Another reason for optimism lies in the
diversification of experimental platforms. From
microwave cavities and dielectric haloscopes to muon
colliders and gravitational wave observatories, the
range of techniques available to probe dark matter has
never been broader. This redundancy is not merely a
luxury; it is becoming a necessity. Given how elusive
dark matter appears to be, having multiple,
orthogonal approaches may be the only reliable path
toward confirmation. Moreover, the overlap between
cosmology, astrophysics, and particle physics is
finally beginning to feel less like an interdisciplinary
ambition and more like a working reality. It is now
common for a single research program to draw on
tools and insights from all three domains.
In the end, the most promising feature of the
current landscape may be its adaptability.

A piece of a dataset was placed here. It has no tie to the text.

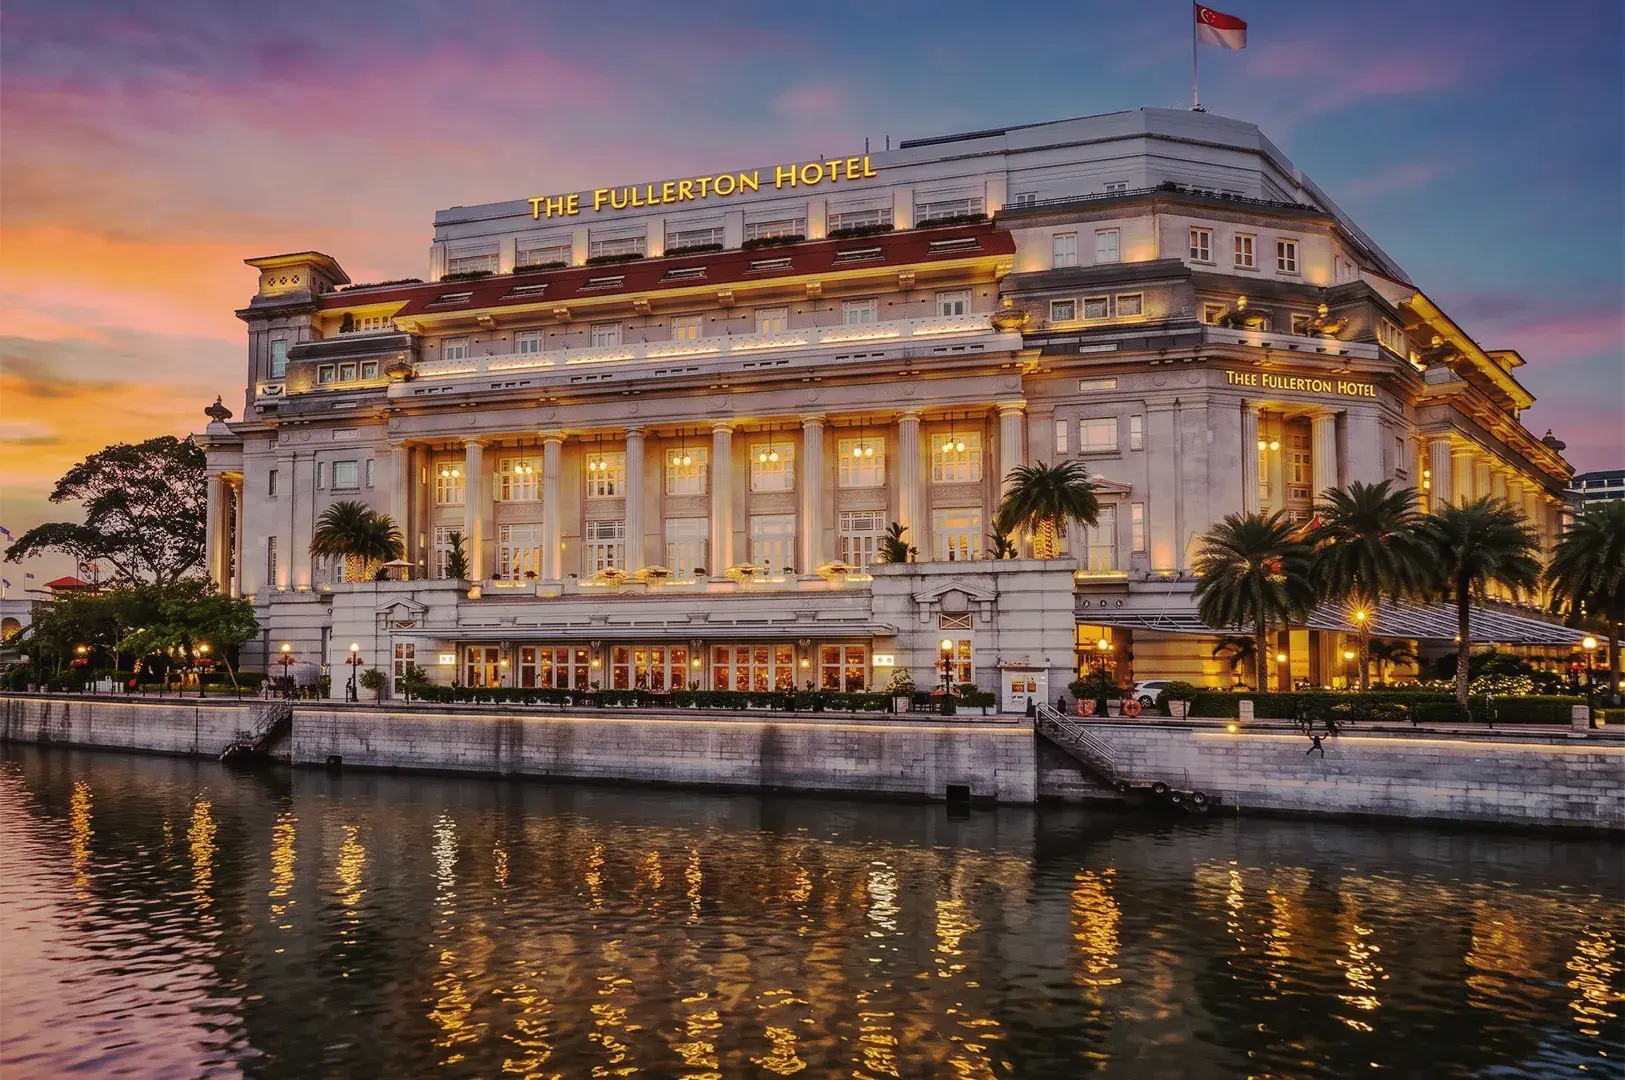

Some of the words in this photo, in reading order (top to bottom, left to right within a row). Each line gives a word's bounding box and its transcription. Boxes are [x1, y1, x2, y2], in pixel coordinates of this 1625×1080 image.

Researchers have shown that they are willing to pivot,
both conceptually and technologically, as new data or
constraints emerge. While no discovery has yet been
made, the combined pressure from theory,
computation, and precision measurement continues to
narrow the options. This convergence, even in the
absence of direct evidence, is itself a measure of
progress. The search for dark matter may still be one
of physics’ most difficult pursuits, but it is no longer
a shot in the dark. Instead, it is an increasingly
focused campaign.
6 CONCLUSIONS
To sum up, detection of dark matter candidates is
presently highly active while many efforts have been
dedicated, leading to various creative detect methods
emerging. The recent detect works include direct
detection and indirect detection. With theoretical
framework from string theory and super-symmetry
joining, some indirect detections are able to minimize
the interference from background radioactivity and
recoil energy thresholds. The second and third
sections respectively provide analytical discussions
of efforts dedicated to detection of WIMPs and axions
by the astrophysics community. Though the final
concrete answer to the dark matter particles is not yet
clear, these methods developed to refine and increase
precision of previous measurements, have gained
great attention and provide the community a further
understanding of dark matter. Nevertheless, the
recently detection efforts are still limited by
insufficiency of experimental techniques, which
constrain the search in an extremely narrow range. It
is emphasized that the theoretical explanation has
already developed to a pretty in-depth and highly
precise level while the experimental techniques are
not enough to verify the theoretical results. The
future study is promising to adjust and enhance the
theoretical works through more precise experimental
data. This paper offers a comprehensive overview of
dark matter candidates’ detection with particularly
focusing on WIMPs and axions, which is so important
in today’s understanding of the dark matter.